■ **Instructions to follow**: The result should be the lines from the one that contains "this 1600×1165 image." to the final line of the entries below, copied exactly and with no pictures.

=== Source material ===

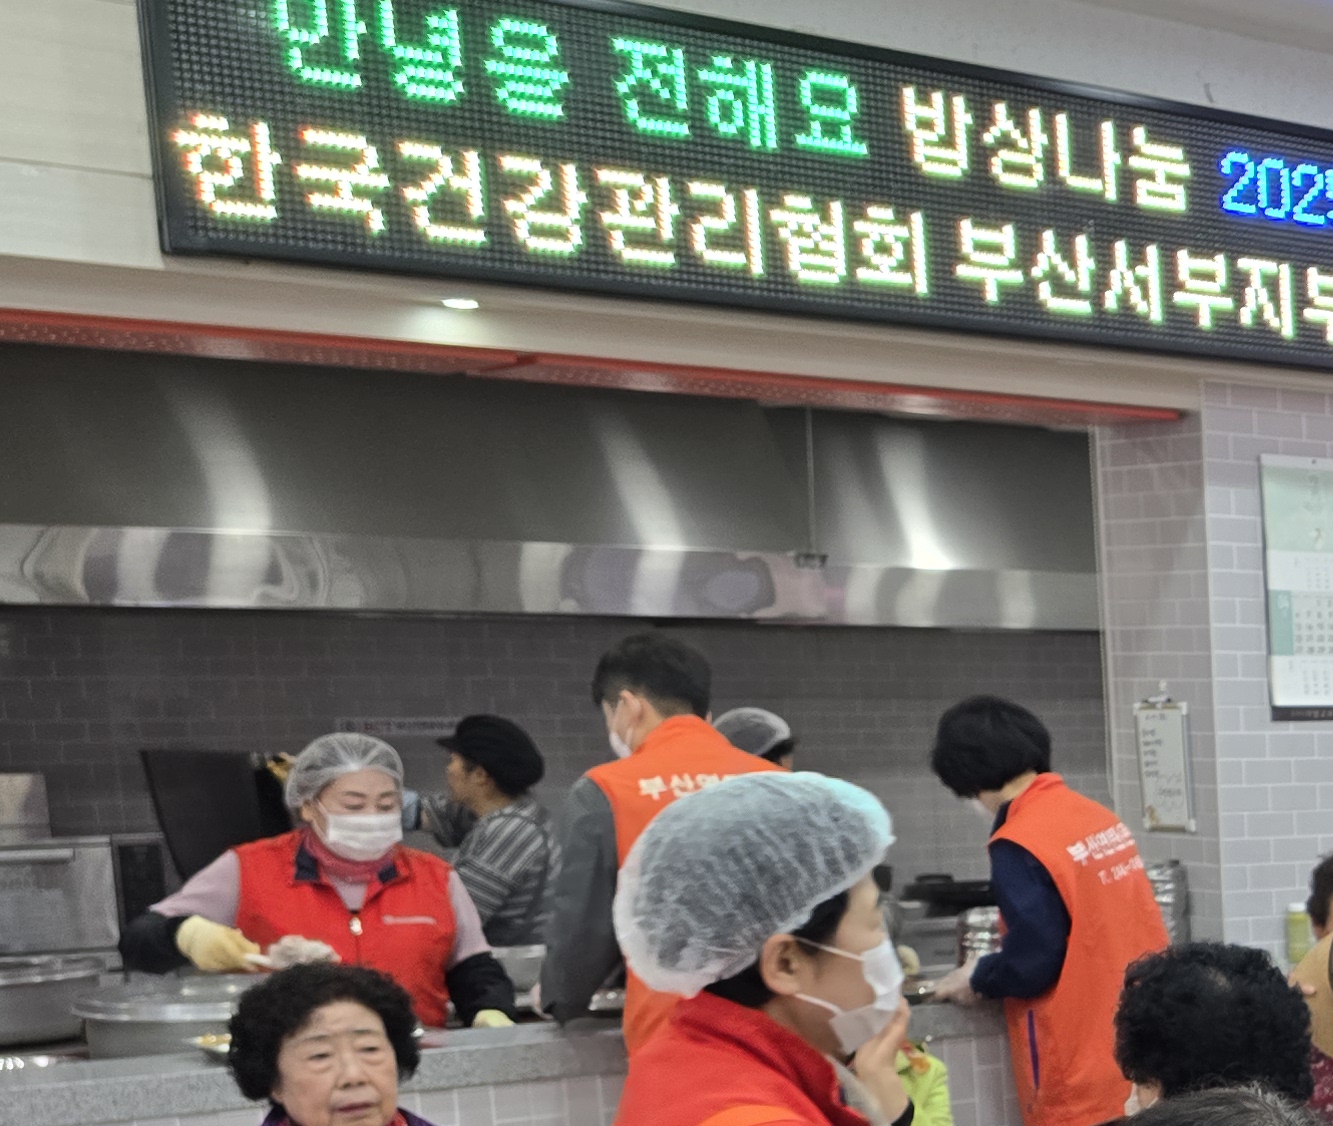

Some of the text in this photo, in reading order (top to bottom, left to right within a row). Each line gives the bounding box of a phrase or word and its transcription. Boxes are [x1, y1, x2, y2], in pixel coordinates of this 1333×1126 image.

[172, 111, 931, 297] 한국건강관리협회
[612, 35, 869, 156] 전해요
[901, 85, 1192, 212] 밥상나눔
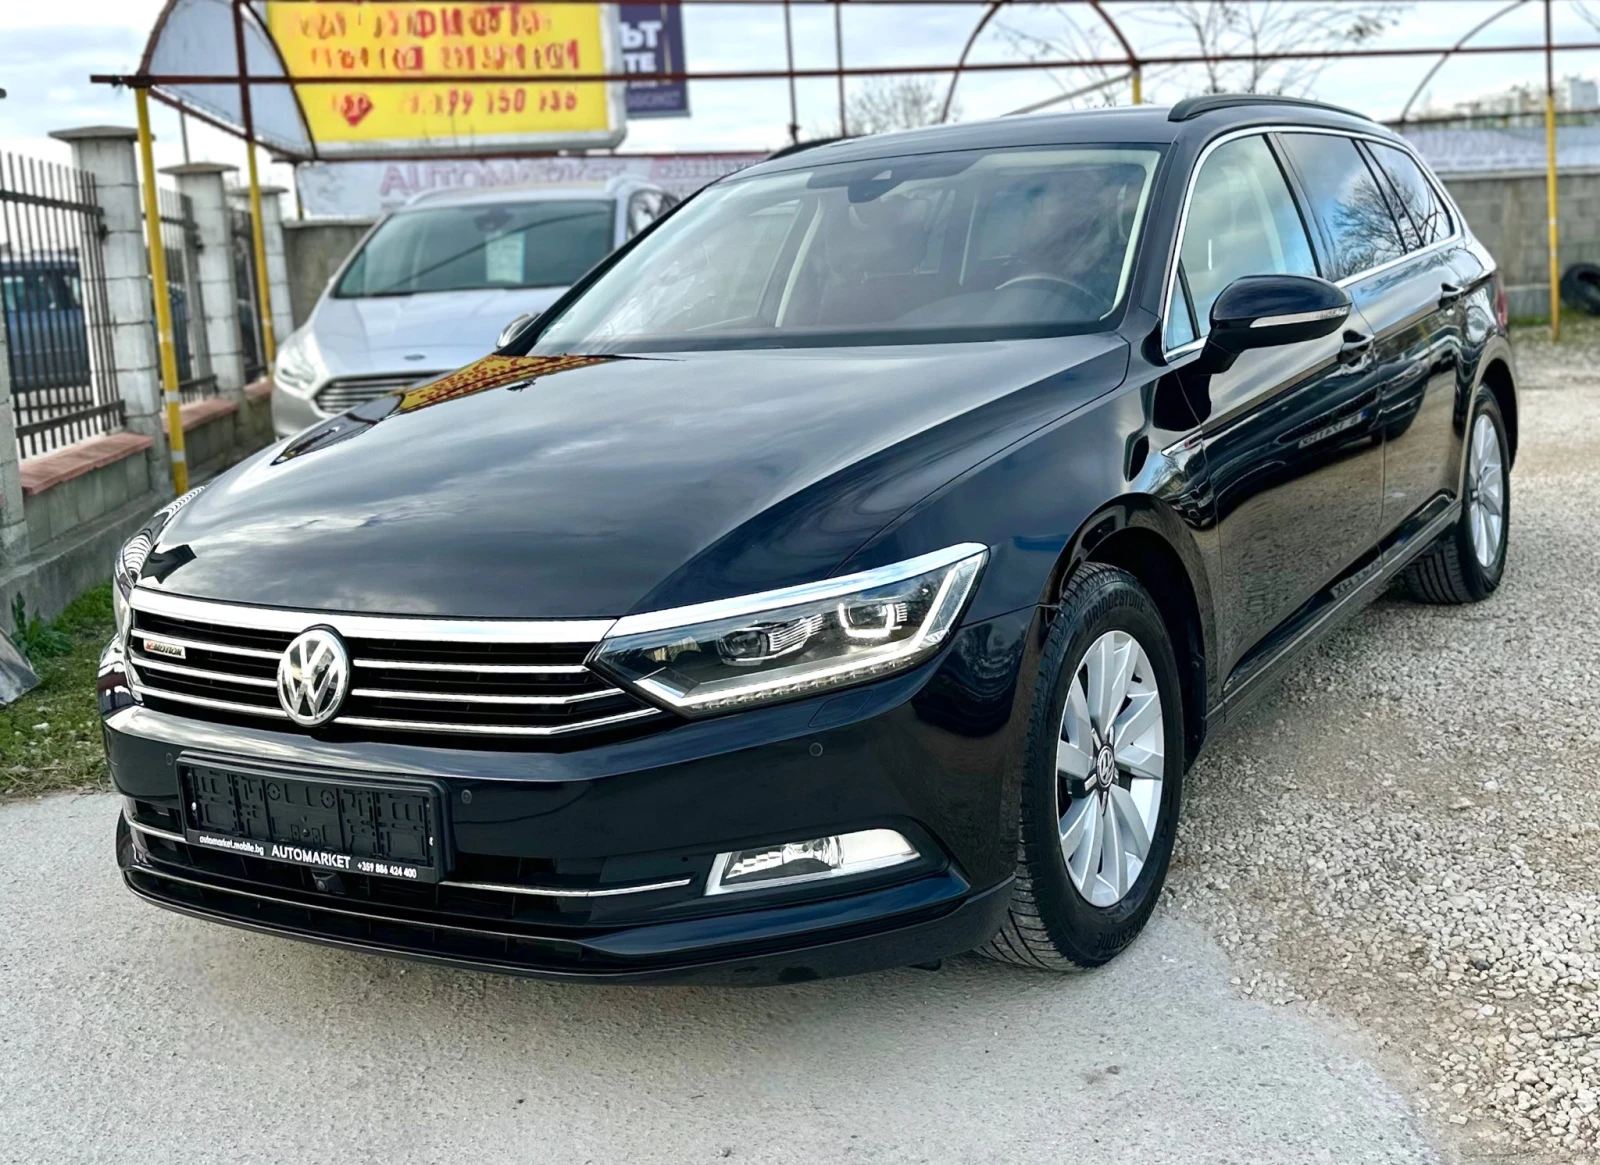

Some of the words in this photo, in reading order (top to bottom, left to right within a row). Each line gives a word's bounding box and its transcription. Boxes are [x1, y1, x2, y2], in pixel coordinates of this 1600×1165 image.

[199, 835, 264, 856] automarket.mobile.bg
[272, 845, 351, 869] AUTOMARKET
[357, 861, 374, 873] +359
[389, 865, 403, 877] 424
[403, 866, 417, 878] 400
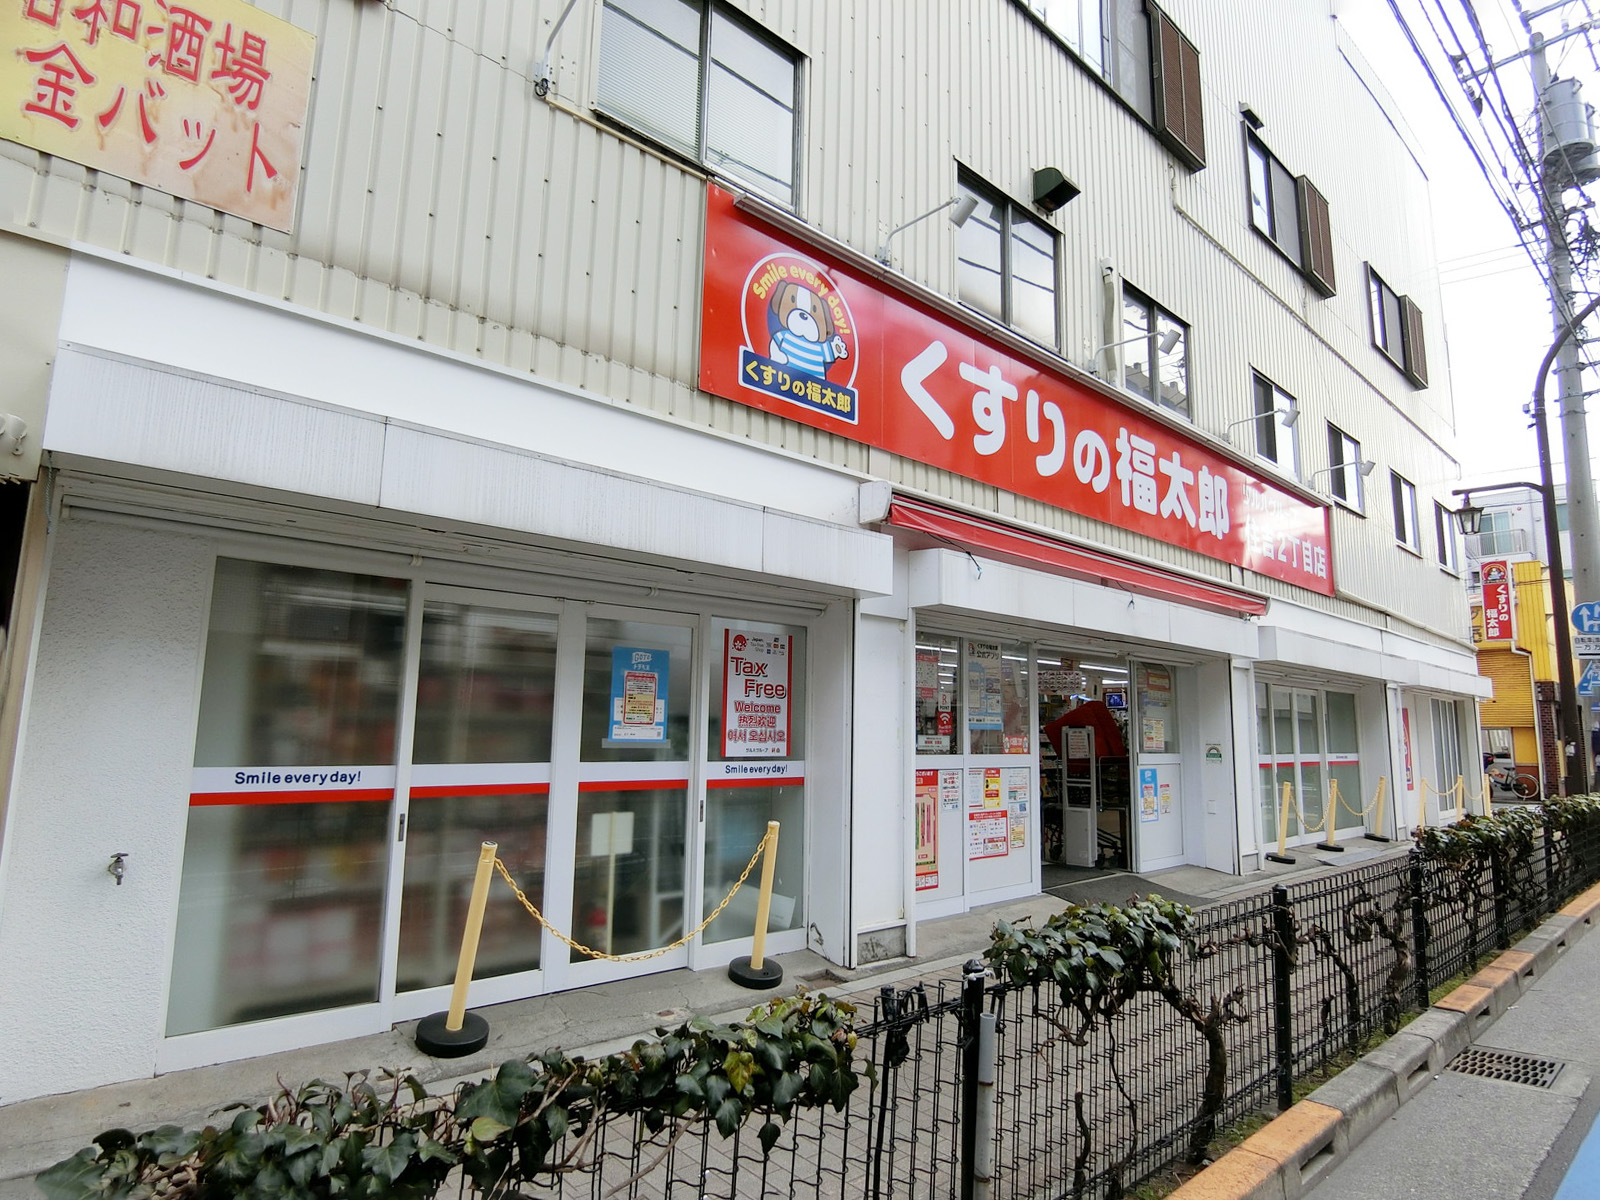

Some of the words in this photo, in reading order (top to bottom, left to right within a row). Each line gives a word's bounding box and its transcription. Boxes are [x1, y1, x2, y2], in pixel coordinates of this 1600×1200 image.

[25, 44, 278, 192] 金バット
[753, 263, 788, 300] Smile
[789, 265, 829, 297] every
[827, 296, 851, 335] day!
[745, 360, 851, 413] くすりの福太郎
[900, 340, 1230, 540] くすりの福太郎
[731, 656, 767, 677] Tax
[744, 678, 786, 698] Free
[734, 700, 781, 713] Welcome
[728, 729, 747, 743] 어서
[234, 771, 281, 784] Smile
[284, 773, 328, 786] every
[329, 770, 361, 785] day!
[725, 764, 748, 774] Smile
[749, 766, 771, 775] every
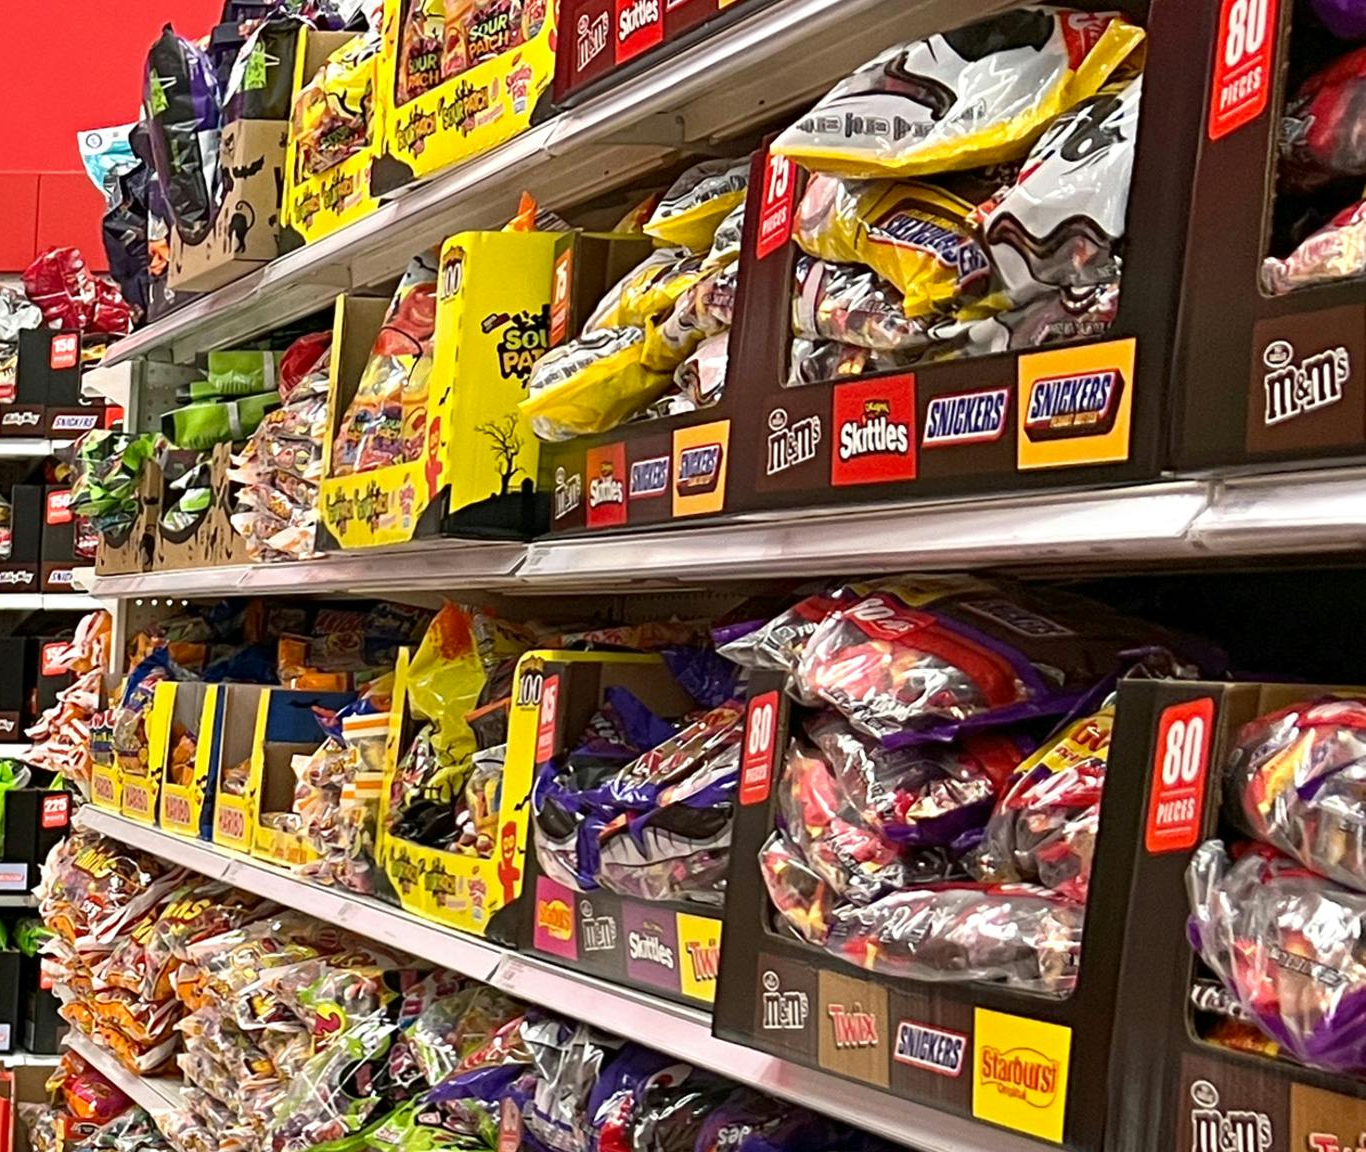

===

■ **Answer to the exercise**:
Some of the words in this photo, in reading order (top to bottom, left to right within a row). Each line gives a word's bounding box and its transcription. Boxes are [x1, y1, x2, y2], in pixel coordinates of this 1600×1165 image.

[199, 835, 264, 856] automarket.mobile.bg
[272, 845, 351, 869] AUTOMARKET
[357, 861, 374, 873] +359
[389, 865, 403, 877] 424
[403, 866, 417, 878] 400

Some of the words in this photo, in reading order (top to bottom, left to right within a row). Each line gives a word's bounding box and its transcription. Boxes are [x1, y1, x2, y2], in pixel coordinates of this 1600×1200 image.

[25, 44, 278, 192] 金バット
[753, 263, 788, 300] Smile
[789, 265, 829, 297] every
[827, 296, 851, 335] day!
[745, 360, 851, 413] くすりの福太郎
[900, 340, 1230, 540] くすりの福太郎
[731, 656, 767, 677] Tax
[744, 678, 786, 698] Free
[734, 700, 781, 713] Welcome
[728, 729, 747, 743] 어서
[234, 771, 281, 784] Smile
[284, 773, 328, 786] every
[329, 770, 361, 785] day!
[725, 764, 748, 774] Smile
[749, 766, 771, 775] every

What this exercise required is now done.